Injuries aren’t always immediately noticeable; it’s quite common to first notice a problem when you wake up the next morning in pain, leading to confusion about what exactly caused it. Some of the most common causes of back injury in sports are:

  • Forgetting to warm up; while some recent research has indicated that warming up prior to exercising isn’t as necessary as we often assume, warm-up stretches prepare the muscles for the stress they’re about to go through and should never be skipped, no matter what sport you play.
  • Repetitive movements; sports such as swimming, golf, jogging and weightlifting all involve repetitive movements that put strain on the muscles in the back.
  • Contact sports; for example, rugby. Injuries are common in contact sports and often affect the back or neck.

Types of Injury

If you don’t notice an injury until after you’ve finished playing, it’s probably a chronic injury. Chronic injuries are typically recurring and first appear after playing the sport for a while. A chronic injury often aches and is more painful when you play. They can also be accompanied by swelling.

Acute injuries, however, are immediately noticeable. They can occur very suddenly and are often extremely painful. Acute injuries can also cause swelling and limited movement.


So what can you do if you get injured? If you are in extreme pain, or the injury has caused a flare-up of an older injury, you should always see a doctor. It’s possible to treat most other injuries yourself, but if you don’t see any improvement, or the injury gets worse, make an appointment with your doctor.

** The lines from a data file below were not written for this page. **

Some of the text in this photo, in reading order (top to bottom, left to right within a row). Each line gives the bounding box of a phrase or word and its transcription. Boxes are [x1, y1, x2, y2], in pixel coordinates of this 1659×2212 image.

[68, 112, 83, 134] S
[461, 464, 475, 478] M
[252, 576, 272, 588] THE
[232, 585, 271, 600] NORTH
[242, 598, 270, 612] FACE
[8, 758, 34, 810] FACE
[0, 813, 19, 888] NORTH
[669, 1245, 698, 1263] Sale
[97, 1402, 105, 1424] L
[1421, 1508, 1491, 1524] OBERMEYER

If it’s safe to treat yourself, the first thing you need to remember is to rest. Immediately after injuring yourself, and for approximately two days after, avoid putting too much strain on your back and, whenever possible, stay sitting or lying down in a comfortable position. Use an ice pack on the area to relieve pain up to eight times a day, for up to 20 minutes at a time.

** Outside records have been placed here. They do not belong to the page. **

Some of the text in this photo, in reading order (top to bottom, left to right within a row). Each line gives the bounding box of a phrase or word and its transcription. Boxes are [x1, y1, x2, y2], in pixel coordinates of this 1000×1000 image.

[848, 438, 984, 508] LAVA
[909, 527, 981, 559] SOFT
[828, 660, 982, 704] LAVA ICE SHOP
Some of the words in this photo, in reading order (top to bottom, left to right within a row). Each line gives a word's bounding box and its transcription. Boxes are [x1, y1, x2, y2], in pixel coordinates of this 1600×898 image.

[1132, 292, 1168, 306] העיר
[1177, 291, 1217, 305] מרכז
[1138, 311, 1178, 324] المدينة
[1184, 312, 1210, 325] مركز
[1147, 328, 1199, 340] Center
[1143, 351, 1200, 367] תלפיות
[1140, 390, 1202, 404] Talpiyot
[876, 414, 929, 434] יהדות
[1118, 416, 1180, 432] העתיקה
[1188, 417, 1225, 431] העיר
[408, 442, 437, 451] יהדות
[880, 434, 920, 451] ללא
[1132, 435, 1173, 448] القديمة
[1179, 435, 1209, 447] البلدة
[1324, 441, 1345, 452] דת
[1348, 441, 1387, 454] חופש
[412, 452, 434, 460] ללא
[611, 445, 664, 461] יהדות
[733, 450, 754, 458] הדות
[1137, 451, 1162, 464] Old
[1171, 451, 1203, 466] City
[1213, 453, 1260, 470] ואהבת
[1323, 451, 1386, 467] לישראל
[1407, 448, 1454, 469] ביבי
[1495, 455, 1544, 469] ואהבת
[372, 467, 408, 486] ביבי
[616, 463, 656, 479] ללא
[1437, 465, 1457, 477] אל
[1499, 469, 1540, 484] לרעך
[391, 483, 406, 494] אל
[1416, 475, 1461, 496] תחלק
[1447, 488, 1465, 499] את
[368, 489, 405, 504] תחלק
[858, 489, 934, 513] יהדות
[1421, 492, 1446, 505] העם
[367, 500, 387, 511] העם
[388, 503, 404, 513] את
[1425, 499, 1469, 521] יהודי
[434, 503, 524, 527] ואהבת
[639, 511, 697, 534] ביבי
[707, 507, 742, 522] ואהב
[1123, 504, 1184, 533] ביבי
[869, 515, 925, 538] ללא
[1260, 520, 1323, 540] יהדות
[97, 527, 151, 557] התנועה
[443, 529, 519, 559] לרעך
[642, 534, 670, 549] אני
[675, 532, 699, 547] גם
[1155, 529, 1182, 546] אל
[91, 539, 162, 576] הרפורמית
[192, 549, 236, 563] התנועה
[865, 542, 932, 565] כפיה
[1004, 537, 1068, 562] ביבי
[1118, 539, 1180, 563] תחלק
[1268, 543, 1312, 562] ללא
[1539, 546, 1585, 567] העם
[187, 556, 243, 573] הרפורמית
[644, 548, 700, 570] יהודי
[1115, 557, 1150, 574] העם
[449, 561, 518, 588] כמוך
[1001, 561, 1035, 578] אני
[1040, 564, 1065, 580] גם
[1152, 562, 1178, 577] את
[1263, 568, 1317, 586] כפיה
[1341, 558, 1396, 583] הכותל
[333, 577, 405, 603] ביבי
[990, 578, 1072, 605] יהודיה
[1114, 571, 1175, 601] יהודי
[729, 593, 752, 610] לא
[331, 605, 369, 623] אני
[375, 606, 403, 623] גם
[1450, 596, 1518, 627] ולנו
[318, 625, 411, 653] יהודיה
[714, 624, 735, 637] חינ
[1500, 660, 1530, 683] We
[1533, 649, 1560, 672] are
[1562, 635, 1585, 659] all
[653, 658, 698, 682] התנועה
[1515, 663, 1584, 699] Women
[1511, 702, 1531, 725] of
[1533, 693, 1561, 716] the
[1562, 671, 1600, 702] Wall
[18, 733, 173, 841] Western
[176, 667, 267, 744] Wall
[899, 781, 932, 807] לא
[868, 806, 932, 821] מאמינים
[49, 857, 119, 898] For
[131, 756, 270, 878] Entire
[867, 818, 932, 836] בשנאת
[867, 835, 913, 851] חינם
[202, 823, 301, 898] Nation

Using a back support will also be very helpful following an injury. Back supports provide compression and support for your back and spine, helping to relieve pain while also adjusting your posture and minimizing any risk of further injury. A back support will also help you in the days and weeks following your injury; as you begin to recover and get back to normal, doing light exercise and daily activities that may put strain on your back, the support will limit movement in your back, avoiding aggravation of your injury. There are many different types of back supports available, so you should be able to find one that’s a good fit for your injury.

Injuring your back doesn’t mean you’ll never be able to play sports again. By treating your injury as described above and slowly beginning to exercise the area through gentle movements and stretches, you will begin to recover. Use a support at first and go slow; don’t get impatient and don’t play sports again until you can stretch and move without pain. Remember to always see a doctor if the pain gets worse or doesn’t improve.

When you’re ready to get back to playing, remember to follow these tips to avoid another injury:

  • Always warm-up or stretch before you play and cool down afterwards.
  • Don’t push yourself; if you’re tired or in pain, stop.
  • If your sport involves jumping, remember to land with bent knees.
  • Always wear suitable footwear and clothing, including safety equipment where necessary.
  • Try not to always do the same thing; a healthy body needs a balance of cardio, flexibility and strength exercises.

In some cases, sports injuries can be inevitable. However, if you rest, use a back support when you’re in pain and avoid pushing yourself beyond your limits, you’ll be back to normal in no time.

My name is Paul Smith and I have suffered from sporting back injuries many times and so offer this advice so that you can avoid doing so!